Nawn also explained that, while the health responses to COVID19 are critical, an underestimated consequence of the pandemic is international trade and the global economy.

“The true economic consequences of this event are not yet understood and certainly haven’t been priced into the market,” explained Nawn. “Many people and businesses are operating under an assumption that we will return to normal life in a few short weeks or months. Not only will COVID-19 continue to be an issue over the next year, but the economic consequences of this event will have a long tail that will impact nearly every aspect of our lives.”

This includes potential delays in regulatory reviews of new  crop protection, biotech and gene edited products in key foreign markets.  Nawn also expressed concern that some countries would use the pandemic to impose protectionist ag trade policies, particularly phytosanitary measures, to support local growers.


Bill Boehm, former senior vice president at Kroger, agrees that the fallout from this pandemic is unlike anything the U.S. has experienced since World War II.

“Unlike other recessions, a stimulus package won’t necessarily allow people to spend. Only an abatement of the virus will do that,” said Boehm. “We were not prepared for this, living on a bubble with a trillion-dollar deficit in one of the strongest economies of the post-World War II era. Now we face the equivalent of war debt that can’t be repaid without most Americans experiencing significant and long-term economic impacts.”

So what’s next? There’s no doubt navigating these uncharted waters will be difficult across all industries, but leaders within food and ag have opportunities to chart the course by adjusting production to meet new demands, limiting supply chain disruptions and managing a labor shortage.

“Volumes have spiked in both flour milling and baking,” explained Randy Marten, owner and principal of Food Ingredient Advisors. “There is excess capacity in milling, but the bread and bun industry is essentially running 24/7 to meet demand from grocers. For food companies, the short-term focus should be making sure the inbound supply chain and outbound distribution systems remain intact.”

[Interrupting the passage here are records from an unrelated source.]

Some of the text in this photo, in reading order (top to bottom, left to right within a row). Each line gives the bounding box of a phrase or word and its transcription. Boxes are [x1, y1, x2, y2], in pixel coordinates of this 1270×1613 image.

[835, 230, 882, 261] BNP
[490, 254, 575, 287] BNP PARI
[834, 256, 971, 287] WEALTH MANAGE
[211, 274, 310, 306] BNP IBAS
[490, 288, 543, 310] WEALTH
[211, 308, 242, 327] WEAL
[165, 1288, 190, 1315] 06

The same is true on farms where access to crop inputs, animal feed and veterinary care are essential for operation.

“Inputs are time sensitive, so availability and movement are critical,” explained Danita Rodibaugh, farmer and former U.S. Meat Export Federation chair. “It’s important to ensure seed, fertilizer and chemicals can be transported to distribution points for farmers. “On the animal side, we cannot have feed, vet supply and processing plant disruptions in a ‘live animal’ business.”

The most challenging task ahead may be balancing employee health risk with the need for labor in order to keep the supply chain moving.

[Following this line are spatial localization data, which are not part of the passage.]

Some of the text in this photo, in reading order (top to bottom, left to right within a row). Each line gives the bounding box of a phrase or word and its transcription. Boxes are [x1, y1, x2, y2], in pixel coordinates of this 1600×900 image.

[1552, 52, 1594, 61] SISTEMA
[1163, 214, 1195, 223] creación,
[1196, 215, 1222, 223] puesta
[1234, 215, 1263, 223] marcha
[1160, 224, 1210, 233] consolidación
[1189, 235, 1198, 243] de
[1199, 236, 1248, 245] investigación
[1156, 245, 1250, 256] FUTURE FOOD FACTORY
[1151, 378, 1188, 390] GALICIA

“Businesses may need to take unconventional actions with labor such as hiring healthy but laid-off service employees to do tasks on farms, in plants, retail outlets and distribution centers. This will require a plan and training programs,” said Boehm.


Marianne Smith Edge, nutrition expert and founder of AgriNutrition Edge, noted that, in addition to navigating these issues, industry leaders must align to deliver consistent and transparent messages about the nation’s food supply,

“There is a lack of knowledge about the connectivity of the food supply chain, so the most important thing we can do in the immediate future is sing from the same page when answering people’s questions about processes, employee health and opportunities to improve,” she said. “When addressing the need for economic assistance, it’s crucial for the agricultural community to communicate how economic support for ag production contributes to maintaining an affordable and accessible food supply for consumers.”


This disruption to business as usual also offers a silver lining as leaders take a step back and evaluate current practices. According to David Parker, FLMH executive vice president and strategic planning expert, now is the time to work on adjusting strategies to meet the demands of a new normal.

“We need to remember that this too shall pass. Now is the time to retool, organize and streamline. Frankly, it’s time to spend more time on your business, rather than in your business,” said Parker.